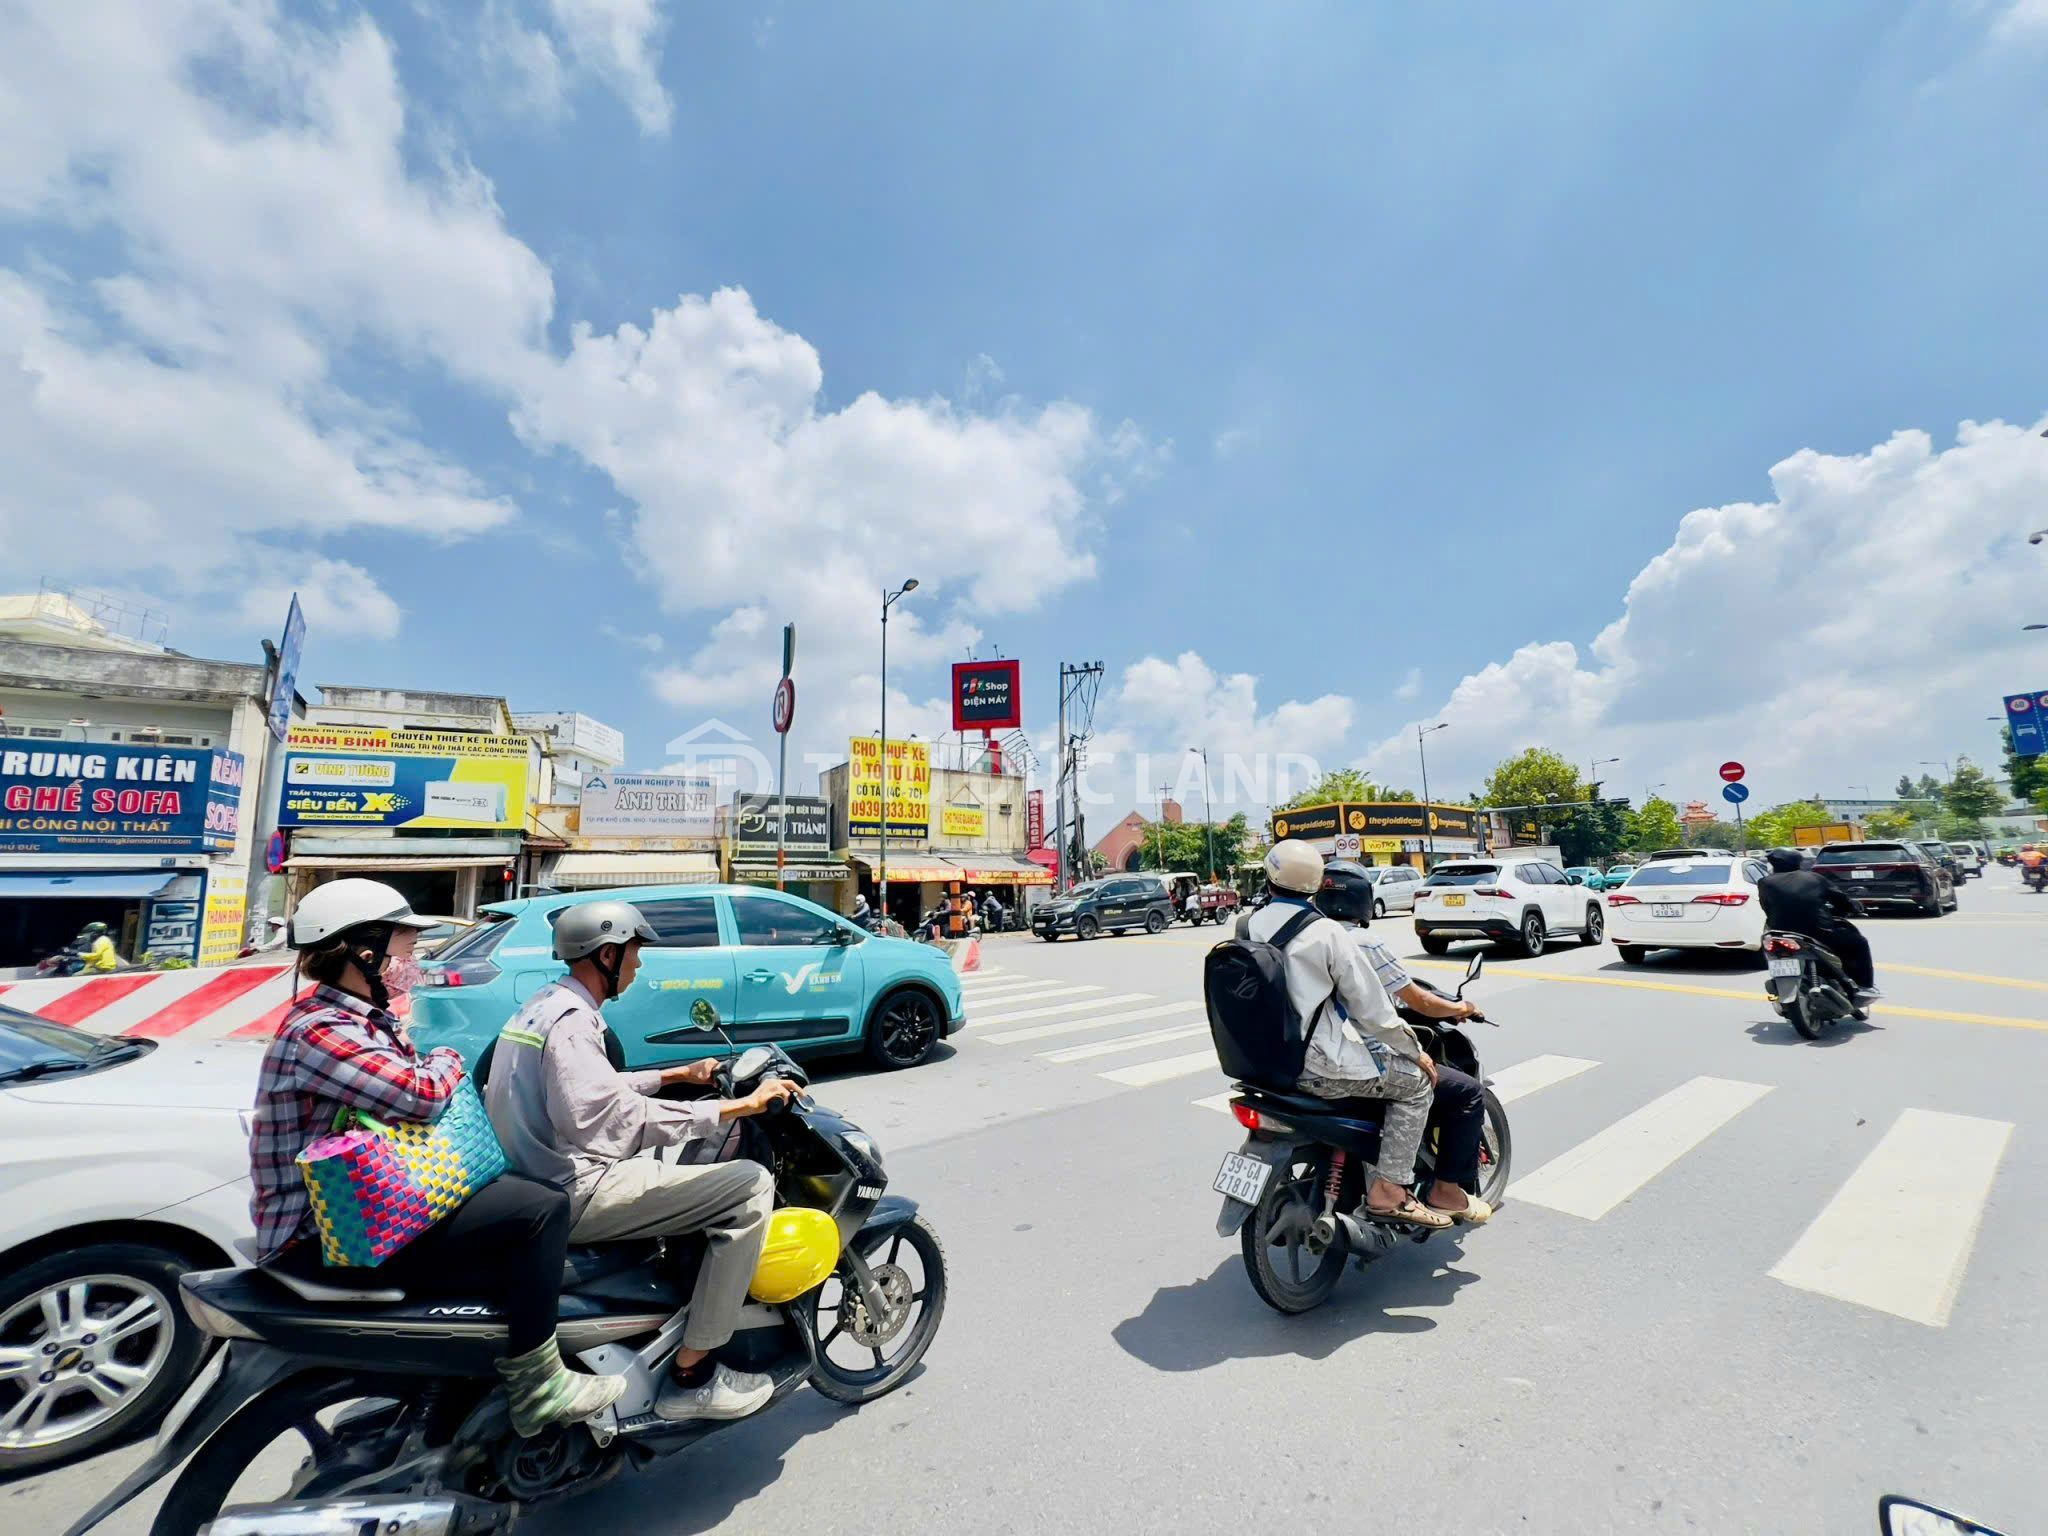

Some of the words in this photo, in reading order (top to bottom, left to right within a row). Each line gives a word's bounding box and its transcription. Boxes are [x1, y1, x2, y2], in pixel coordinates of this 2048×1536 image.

[986, 682, 1008, 691] Shop
[963, 696, 986, 707] ĐIỆN
[988, 695, 1007, 704] MÁY
[483, 736, 498, 744] THI
[853, 741, 876, 757] CHO
[880, 742, 907, 760] HUÊ
[115, 754, 196, 782] KIÊN
[853, 759, 861, 778] Ô
[866, 761, 881, 779] TÔ
[906, 764, 926, 782] LÁI
[5, 779, 83, 812] GHẾ
[92, 788, 181, 814] SOFA
[615, 786, 653, 811] ÁNH
[856, 783, 868, 796] CÓ
[871, 784, 881, 797] TÀ
[287, 798, 322, 810] SIÊU
[852, 800, 926, 818] 0939333.331
[16, 816, 77, 832] CÔNG
[82, 820, 117, 833] NỘI
[121, 818, 171, 832] THẤT
[205, 801, 241, 832] SOFA
[1028, 792, 1040, 844] MASSAGE
[1289, 818, 1336, 832] thegioididong
[1368, 816, 1424, 828] thegioididong
[792, 819, 826, 835] THÀNH
[1217, 1173, 1258, 1201] 218.01
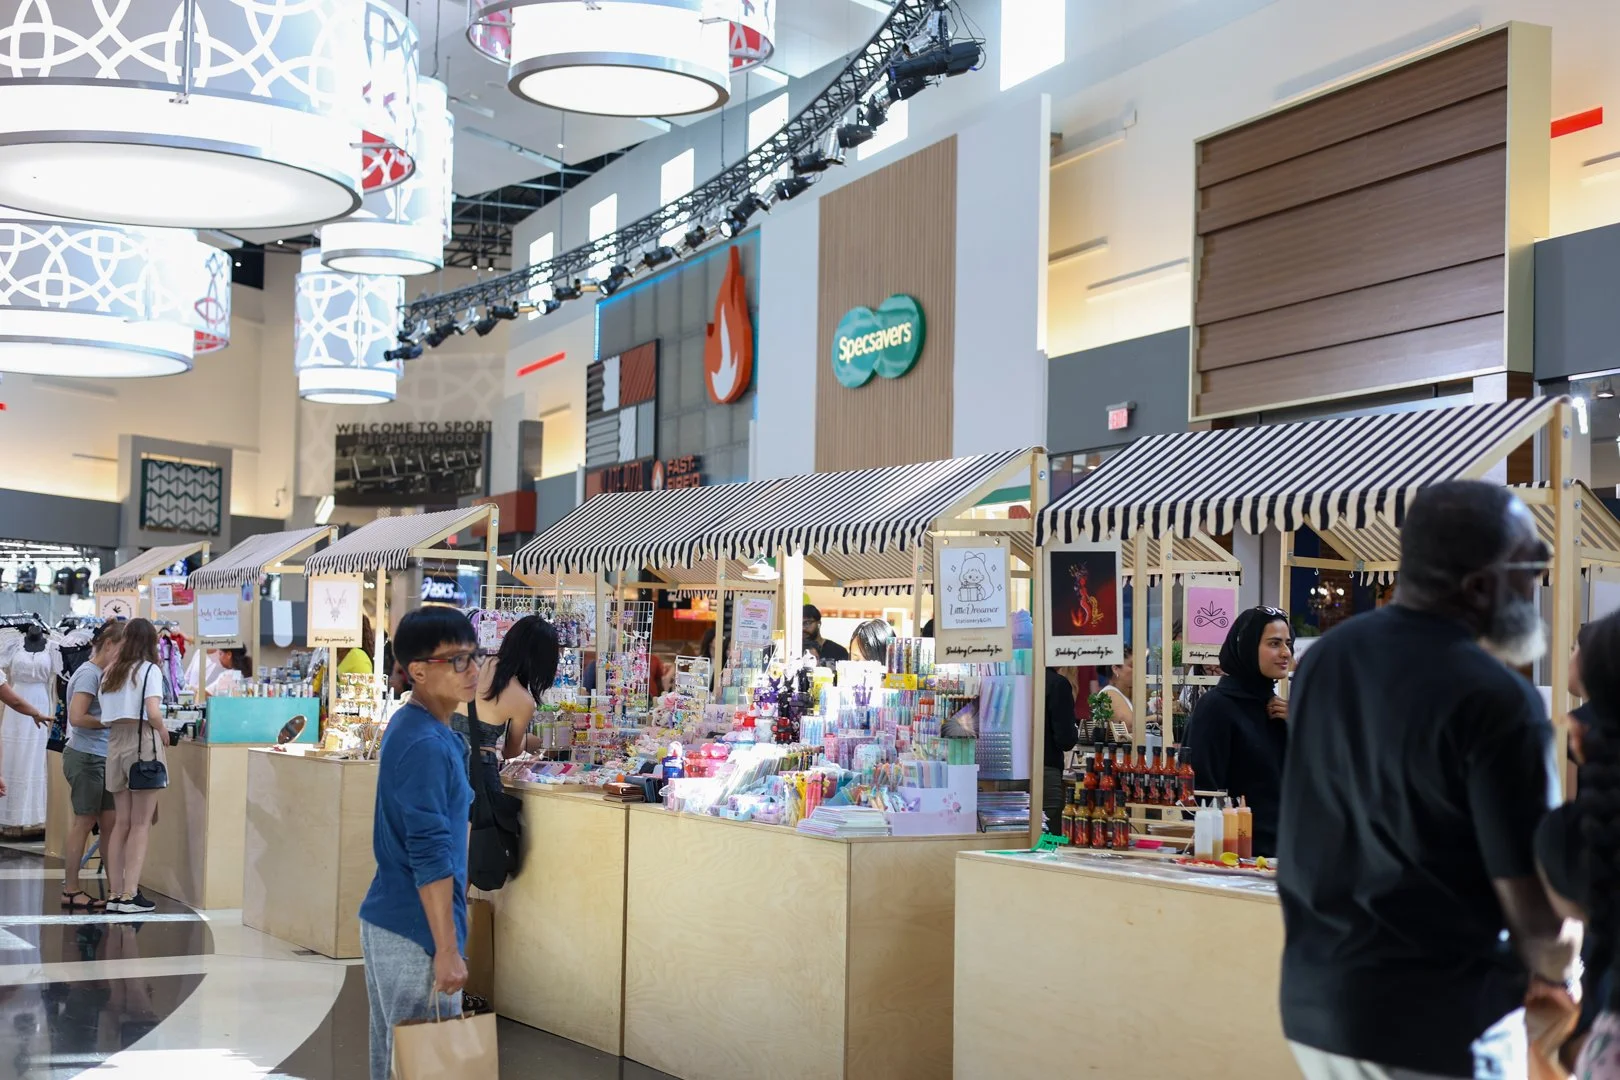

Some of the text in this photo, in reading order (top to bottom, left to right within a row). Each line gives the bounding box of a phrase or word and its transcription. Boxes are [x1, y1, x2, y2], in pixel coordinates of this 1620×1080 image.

[839, 322, 911, 364] Specsavers
[336, 420, 493, 434] WELCOME TO SPORT
[358, 432, 475, 445] NEIGHBOURHOOD
[966, 602, 1000, 615] Dreamer
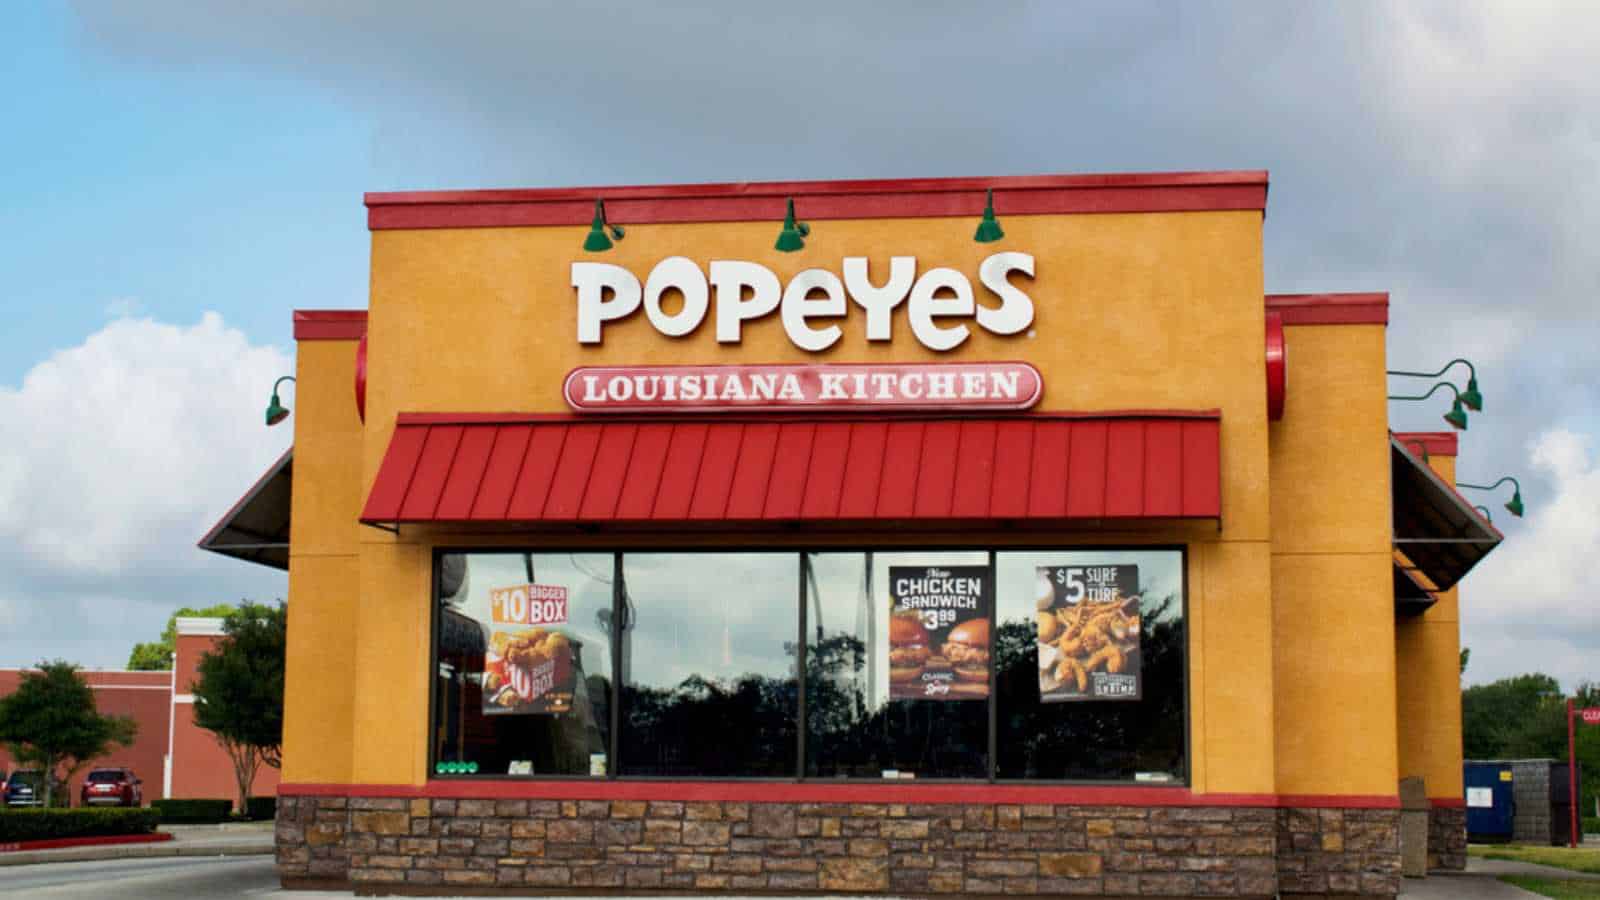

+ + + +

→ **Problem**:
Retype the records verbatim, but not their images.

→ **Expected answer**:
Some of the words in this photo, in reading order (top to bottom, left to right within a row). Each line gives a word's bounding box and its transcription. Boxes are [x1, y1, x2, y2], in pixel coordinates of this 2048×1536 image.

[986, 682, 1008, 691] Shop
[963, 696, 986, 707] ĐIỆN
[988, 695, 1007, 704] MÁY
[483, 736, 498, 744] THI
[853, 741, 876, 757] CHO
[880, 742, 907, 760] HUÊ
[115, 754, 196, 782] KIÊN
[853, 759, 861, 778] Ô
[866, 761, 881, 779] TÔ
[906, 764, 926, 782] LÁI
[5, 779, 83, 812] GHẾ
[92, 788, 181, 814] SOFA
[615, 786, 653, 811] ÁNH
[856, 783, 868, 796] CÓ
[871, 784, 881, 797] TÀ
[287, 798, 322, 810] SIÊU
[852, 800, 926, 818] 0939333.331
[16, 816, 77, 832] CÔNG
[82, 820, 117, 833] NỘI
[121, 818, 171, 832] THẤT
[205, 801, 241, 832] SOFA
[1028, 792, 1040, 844] MASSAGE
[1289, 818, 1336, 832] thegioididong
[1368, 816, 1424, 828] thegioididong
[792, 819, 826, 835] THÀNH
[1217, 1173, 1258, 1201] 218.01

Some of the text in this photo, in reading order (top to bottom, left to right within a row). Each line gives the bounding box of a phrase or word and its transcription. Boxes are [x1, y1, x2, y2], in pixel coordinates of this 1620×1080 image.

[839, 322, 911, 364] Specsavers
[336, 420, 493, 434] WELCOME TO SPORT
[358, 432, 475, 445] NEIGHBOURHOOD
[966, 602, 1000, 615] Dreamer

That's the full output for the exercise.